### THE TASK
The records below are to be reproduced word for word.

### STUDY MATERIAL
-=-=-
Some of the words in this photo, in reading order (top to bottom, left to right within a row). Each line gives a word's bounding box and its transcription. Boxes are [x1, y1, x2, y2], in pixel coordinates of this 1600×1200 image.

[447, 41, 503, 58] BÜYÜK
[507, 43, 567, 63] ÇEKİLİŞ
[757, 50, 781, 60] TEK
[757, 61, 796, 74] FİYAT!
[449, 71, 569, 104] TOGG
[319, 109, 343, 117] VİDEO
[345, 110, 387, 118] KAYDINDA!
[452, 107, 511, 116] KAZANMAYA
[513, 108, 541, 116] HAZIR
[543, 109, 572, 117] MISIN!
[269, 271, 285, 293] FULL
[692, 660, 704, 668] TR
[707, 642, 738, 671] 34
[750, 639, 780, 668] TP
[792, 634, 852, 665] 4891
-=-=-
### EXPECTED ANSWER
Some of the words in this photo, in reading order (top to bottom, left to right within a row). Each line gives a word's bounding box and its transcription. Boxes are [x1, y1, x2, y2], in pixel coordinates of this 1600×1200 image.

[447, 41, 503, 58] BÜYÜK
[507, 43, 567, 63] ÇEKİLİŞ
[757, 50, 781, 60] TEK
[757, 61, 796, 74] FİYAT!
[449, 71, 569, 104] TOGG
[319, 109, 343, 117] VİDEO
[345, 110, 387, 118] KAYDINDA!
[452, 107, 511, 116] KAZANMAYA
[513, 108, 541, 116] HAZIR
[543, 109, 572, 117] MISIN!
[269, 271, 285, 293] FULL
[692, 660, 704, 668] TR
[707, 642, 738, 671] 34
[750, 639, 780, 668] TP
[792, 634, 852, 665] 4891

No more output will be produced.